■ Given data ■
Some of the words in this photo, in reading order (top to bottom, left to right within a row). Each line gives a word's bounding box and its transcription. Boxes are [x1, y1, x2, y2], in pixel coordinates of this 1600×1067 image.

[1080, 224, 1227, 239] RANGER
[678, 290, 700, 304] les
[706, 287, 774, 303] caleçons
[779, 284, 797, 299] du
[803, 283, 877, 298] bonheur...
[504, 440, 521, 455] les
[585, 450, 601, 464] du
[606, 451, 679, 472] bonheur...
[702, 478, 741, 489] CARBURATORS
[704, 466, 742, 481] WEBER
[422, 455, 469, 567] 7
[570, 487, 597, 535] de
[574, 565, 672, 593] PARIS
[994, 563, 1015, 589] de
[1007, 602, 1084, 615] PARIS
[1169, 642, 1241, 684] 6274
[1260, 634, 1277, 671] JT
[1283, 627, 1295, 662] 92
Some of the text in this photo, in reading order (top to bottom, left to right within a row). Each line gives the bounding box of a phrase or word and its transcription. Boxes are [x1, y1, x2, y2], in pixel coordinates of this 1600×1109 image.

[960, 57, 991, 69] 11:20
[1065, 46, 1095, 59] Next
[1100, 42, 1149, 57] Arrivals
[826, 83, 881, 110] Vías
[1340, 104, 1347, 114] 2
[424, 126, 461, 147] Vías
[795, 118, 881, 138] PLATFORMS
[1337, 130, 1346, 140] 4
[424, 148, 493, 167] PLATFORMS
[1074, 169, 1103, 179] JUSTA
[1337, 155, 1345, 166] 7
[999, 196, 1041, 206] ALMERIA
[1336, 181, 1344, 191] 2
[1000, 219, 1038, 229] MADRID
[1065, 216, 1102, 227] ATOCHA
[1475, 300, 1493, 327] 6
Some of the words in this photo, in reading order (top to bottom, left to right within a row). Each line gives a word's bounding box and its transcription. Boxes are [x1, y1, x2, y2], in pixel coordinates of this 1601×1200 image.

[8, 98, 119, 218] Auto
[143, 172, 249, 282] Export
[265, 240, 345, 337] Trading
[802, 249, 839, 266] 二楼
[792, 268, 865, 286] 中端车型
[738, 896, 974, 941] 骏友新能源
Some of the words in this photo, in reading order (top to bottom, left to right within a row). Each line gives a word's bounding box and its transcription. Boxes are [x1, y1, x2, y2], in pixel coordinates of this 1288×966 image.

■ Problem description ■
Repeat what the records above say. Use their exact words.

■ Your response ■
Some of the words in this photo, in reading order (top to bottom, left to right within a row). Each line gives a word's bounding box and its transcription. Boxes are [x1, y1, x2, y2], in pixel coordinates of this 1600×1067 image.

[1080, 224, 1227, 239] RANGER
[678, 290, 700, 304] les
[706, 287, 774, 303] caleçons
[779, 284, 797, 299] du
[803, 283, 877, 298] bonheur...
[504, 440, 521, 455] les
[585, 450, 601, 464] du
[606, 451, 679, 472] bonheur...
[702, 478, 741, 489] CARBURATORS
[704, 466, 742, 481] WEBER
[422, 455, 469, 567] 7
[570, 487, 597, 535] de
[574, 565, 672, 593] PARIS
[994, 563, 1015, 589] de
[1007, 602, 1084, 615] PARIS
[1169, 642, 1241, 684] 6274
[1260, 634, 1277, 671] JT
[1283, 627, 1295, 662] 92
Some of the text in this photo, in reading order (top to bottom, left to right within a row). Each line gives the bounding box of a phrase or word and its transcription. Boxes are [x1, y1, x2, y2], in pixel coordinates of this 1600×1109 image.

[960, 57, 991, 69] 11:20
[1065, 46, 1095, 59] Next
[1100, 42, 1149, 57] Arrivals
[826, 83, 881, 110] Vías
[1340, 104, 1347, 114] 2
[424, 126, 461, 147] Vías
[795, 118, 881, 138] PLATFORMS
[1337, 130, 1346, 140] 4
[424, 148, 493, 167] PLATFORMS
[1074, 169, 1103, 179] JUSTA
[1337, 155, 1345, 166] 7
[999, 196, 1041, 206] ALMERIA
[1336, 181, 1344, 191] 2
[1000, 219, 1038, 229] MADRID
[1065, 216, 1102, 227] ATOCHA
[1475, 300, 1493, 327] 6
Some of the words in this photo, in reading order (top to bottom, left to right within a row). Each line gives a word's bounding box and its transcription. Boxes are [x1, y1, x2, y2], in pixel coordinates of this 1601×1200 image.

[8, 98, 119, 218] Auto
[143, 172, 249, 282] Export
[265, 240, 345, 337] Trading
[802, 249, 839, 266] 二楼
[792, 268, 865, 286] 中端车型
[738, 896, 974, 941] 骏友新能源
Some of the words in this photo, in reading order (top to bottom, left to right within a row). Each line gives a word's bounding box and its transcription. Boxes are [x1, y1, x2, y2], in pixel coordinates of this 1288×966 image.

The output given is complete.